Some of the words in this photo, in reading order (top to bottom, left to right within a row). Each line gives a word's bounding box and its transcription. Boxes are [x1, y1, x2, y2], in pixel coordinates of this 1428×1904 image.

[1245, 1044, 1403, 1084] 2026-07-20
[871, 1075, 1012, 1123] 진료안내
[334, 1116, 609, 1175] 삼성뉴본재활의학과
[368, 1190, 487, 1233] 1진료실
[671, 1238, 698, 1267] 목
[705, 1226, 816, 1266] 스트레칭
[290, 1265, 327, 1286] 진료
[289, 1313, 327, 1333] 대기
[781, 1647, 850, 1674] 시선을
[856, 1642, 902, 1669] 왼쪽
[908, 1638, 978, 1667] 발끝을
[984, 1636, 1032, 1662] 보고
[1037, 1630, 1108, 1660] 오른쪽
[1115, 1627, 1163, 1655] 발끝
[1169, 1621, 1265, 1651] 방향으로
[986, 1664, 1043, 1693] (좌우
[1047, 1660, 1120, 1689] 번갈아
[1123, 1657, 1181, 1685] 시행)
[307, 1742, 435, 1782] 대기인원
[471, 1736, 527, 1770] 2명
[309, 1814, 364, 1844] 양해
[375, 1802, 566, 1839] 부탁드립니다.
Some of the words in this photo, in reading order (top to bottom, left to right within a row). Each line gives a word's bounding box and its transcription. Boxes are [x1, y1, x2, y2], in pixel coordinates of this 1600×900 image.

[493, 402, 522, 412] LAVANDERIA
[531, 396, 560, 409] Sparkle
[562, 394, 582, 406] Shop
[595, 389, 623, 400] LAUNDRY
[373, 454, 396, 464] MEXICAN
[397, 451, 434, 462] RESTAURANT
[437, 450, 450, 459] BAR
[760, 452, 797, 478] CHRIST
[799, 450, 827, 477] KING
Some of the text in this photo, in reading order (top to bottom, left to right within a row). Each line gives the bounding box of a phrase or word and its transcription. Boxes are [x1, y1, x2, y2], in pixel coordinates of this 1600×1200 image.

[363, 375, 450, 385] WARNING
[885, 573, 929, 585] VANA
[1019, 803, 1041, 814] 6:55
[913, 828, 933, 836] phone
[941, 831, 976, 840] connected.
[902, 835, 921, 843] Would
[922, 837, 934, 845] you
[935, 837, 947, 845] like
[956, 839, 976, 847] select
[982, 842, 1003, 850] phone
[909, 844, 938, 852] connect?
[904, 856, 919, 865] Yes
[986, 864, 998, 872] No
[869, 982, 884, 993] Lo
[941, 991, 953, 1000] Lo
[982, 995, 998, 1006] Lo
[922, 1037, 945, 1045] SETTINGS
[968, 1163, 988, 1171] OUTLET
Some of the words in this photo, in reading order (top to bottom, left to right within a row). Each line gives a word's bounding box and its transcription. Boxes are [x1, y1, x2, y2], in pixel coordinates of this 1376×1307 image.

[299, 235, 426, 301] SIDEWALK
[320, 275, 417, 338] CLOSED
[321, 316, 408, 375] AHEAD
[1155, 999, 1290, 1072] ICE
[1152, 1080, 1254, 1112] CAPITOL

[EXERCISE DESCRIPTION] Output every record verbatim.

[RESULT OF THIS TASK]
Some of the words in this photo, in reading order (top to bottom, left to right within a row). Each line gives a word's bounding box and its transcription. Boxes are [x1, y1, x2, y2], in pixel coordinates of this 1428×1904 image.

[1245, 1044, 1403, 1084] 2026-07-20
[871, 1075, 1012, 1123] 진료안내
[334, 1116, 609, 1175] 삼성뉴본재활의학과
[368, 1190, 487, 1233] 1진료실
[671, 1238, 698, 1267] 목
[705, 1226, 816, 1266] 스트레칭
[290, 1265, 327, 1286] 진료
[289, 1313, 327, 1333] 대기
[781, 1647, 850, 1674] 시선을
[856, 1642, 902, 1669] 왼쪽
[908, 1638, 978, 1667] 발끝을
[984, 1636, 1032, 1662] 보고
[1037, 1630, 1108, 1660] 오른쪽
[1115, 1627, 1163, 1655] 발끝
[1169, 1621, 1265, 1651] 방향으로
[986, 1664, 1043, 1693] (좌우
[1047, 1660, 1120, 1689] 번갈아
[1123, 1657, 1181, 1685] 시행)
[307, 1742, 435, 1782] 대기인원
[471, 1736, 527, 1770] 2명
[309, 1814, 364, 1844] 양해
[375, 1802, 566, 1839] 부탁드립니다.
Some of the words in this photo, in reading order (top to bottom, left to right within a row). Each line gives a word's bounding box and its transcription. Boxes are [x1, y1, x2, y2], in pixel coordinates of this 1600×900 image.

[493, 402, 522, 412] LAVANDERIA
[531, 396, 560, 409] Sparkle
[562, 394, 582, 406] Shop
[595, 389, 623, 400] LAUNDRY
[373, 454, 396, 464] MEXICAN
[397, 451, 434, 462] RESTAURANT
[437, 450, 450, 459] BAR
[760, 452, 797, 478] CHRIST
[799, 450, 827, 477] KING
Some of the text in this photo, in reading order (top to bottom, left to right within a row). Each line gives the bounding box of a phrase or word and its transcription. Boxes are [x1, y1, x2, y2], in pixel coordinates of this 1600×1200 image.

[363, 375, 450, 385] WARNING
[885, 573, 929, 585] VANA
[1019, 803, 1041, 814] 6:55
[913, 828, 933, 836] phone
[941, 831, 976, 840] connected.
[902, 835, 921, 843] Would
[922, 837, 934, 845] you
[935, 837, 947, 845] like
[956, 839, 976, 847] select
[982, 842, 1003, 850] phone
[909, 844, 938, 852] connect?
[904, 856, 919, 865] Yes
[986, 864, 998, 872] No
[869, 982, 884, 993] Lo
[941, 991, 953, 1000] Lo
[982, 995, 998, 1006] Lo
[922, 1037, 945, 1045] SETTINGS
[968, 1163, 988, 1171] OUTLET
Some of the words in this photo, in reading order (top to bottom, left to right within a row). Each line gives a word's bounding box and its transcription. Boxes are [x1, y1, x2, y2], in pixel coordinates of this 1376×1307 image.

[299, 235, 426, 301] SIDEWALK
[320, 275, 417, 338] CLOSED
[321, 316, 408, 375] AHEAD
[1155, 999, 1290, 1072] ICE
[1152, 1080, 1254, 1112] CAPITOL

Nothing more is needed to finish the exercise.